_RECORDS TO PROCESS:_
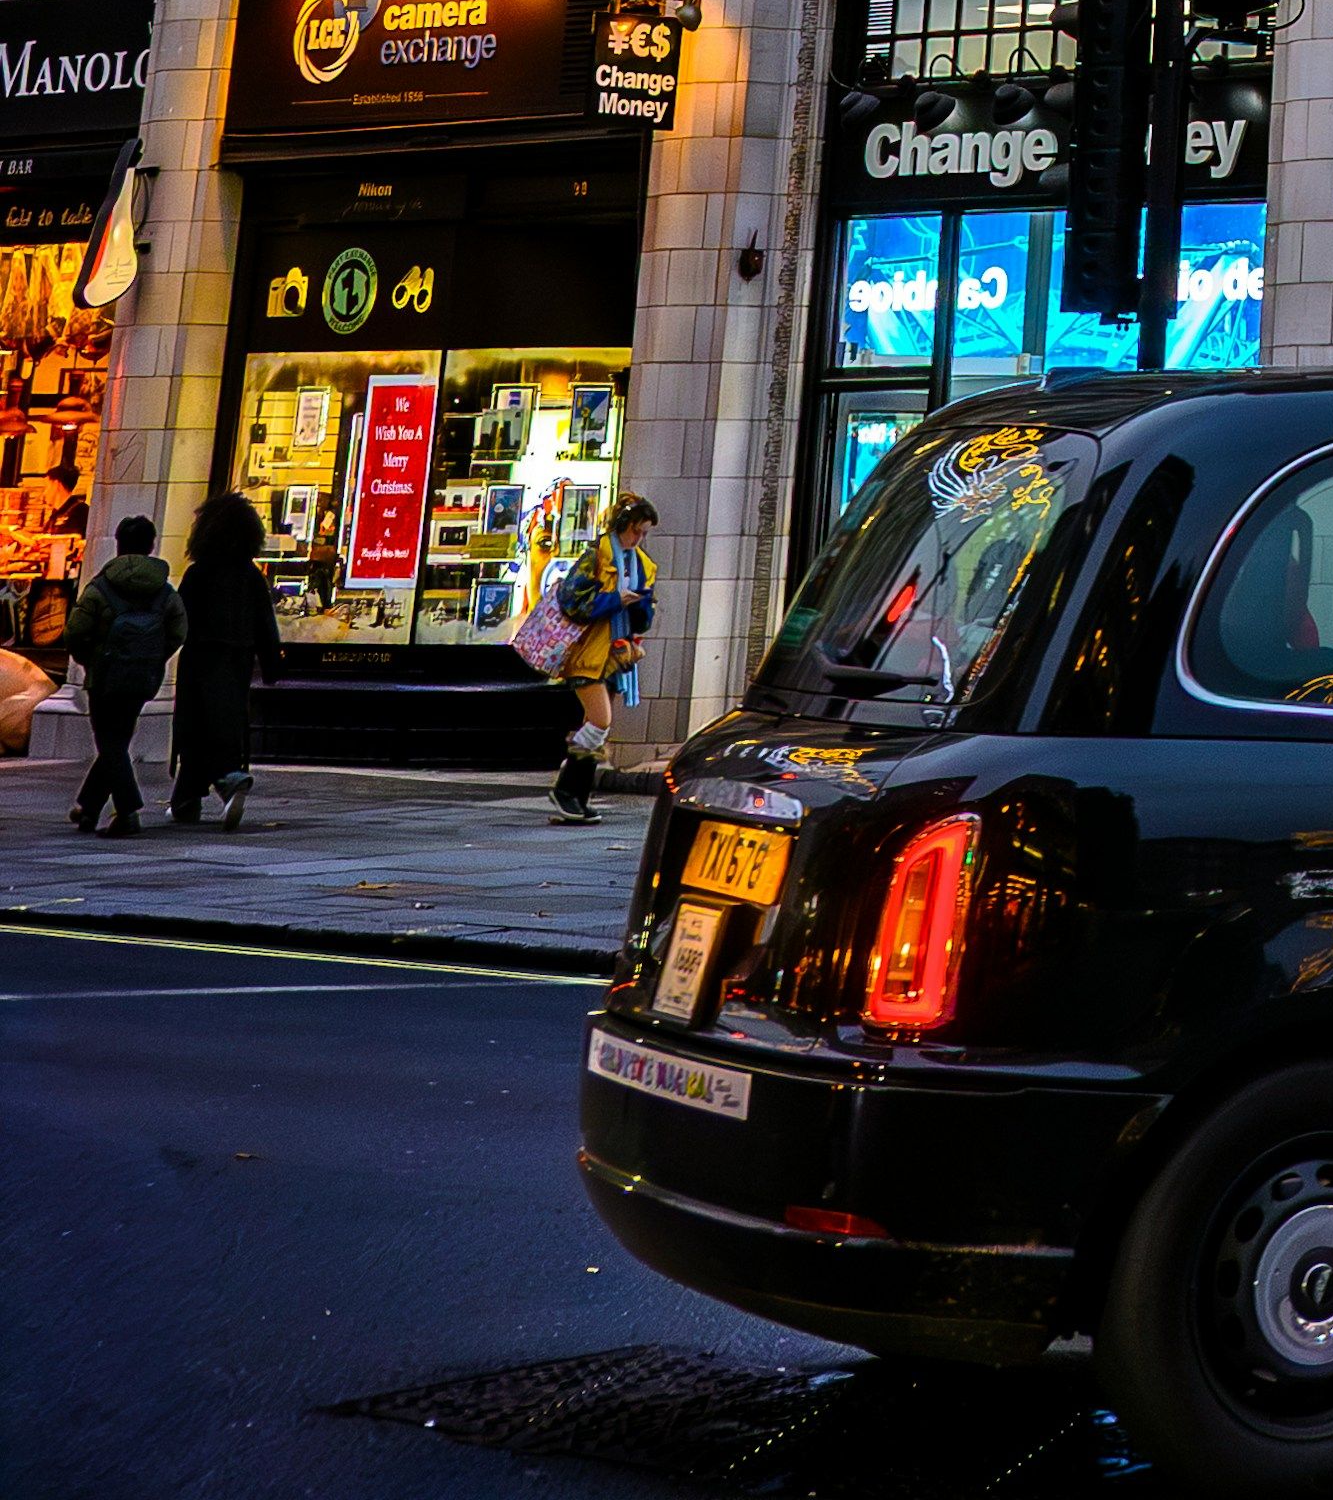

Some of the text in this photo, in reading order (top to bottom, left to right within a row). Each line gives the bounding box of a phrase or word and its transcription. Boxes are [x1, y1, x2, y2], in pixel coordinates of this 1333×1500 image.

[306, 18, 347, 51] LCE
[380, 30, 497, 69] exchange
[595, 64, 676, 96] Change
[597, 92, 669, 123] Money
[7, 159, 33, 175] BAR
[864, 121, 1058, 188] Change
[358, 182, 393, 197] Nikon
[395, 397, 410, 413] We
[375, 425, 423, 441] Wish You A
[382, 452, 410, 473] Merry

_WHAT YOU SHOULD DO:_
Please make an exact copy of the whole listing and leave out its pictures.

_RESPONSE BOX:_
Some of the text in this photo, in reading order (top to bottom, left to right within a row). Each line gives the bounding box of a phrase or word and its transcription. Boxes are [x1, y1, x2, y2], in pixel coordinates of this 1333×1500 image.

[306, 18, 347, 51] LCE
[380, 30, 497, 69] exchange
[595, 64, 676, 96] Change
[597, 92, 669, 123] Money
[7, 159, 33, 175] BAR
[864, 121, 1058, 188] Change
[358, 182, 393, 197] Nikon
[395, 397, 410, 413] We
[375, 425, 423, 441] Wish You A
[382, 452, 410, 473] Merry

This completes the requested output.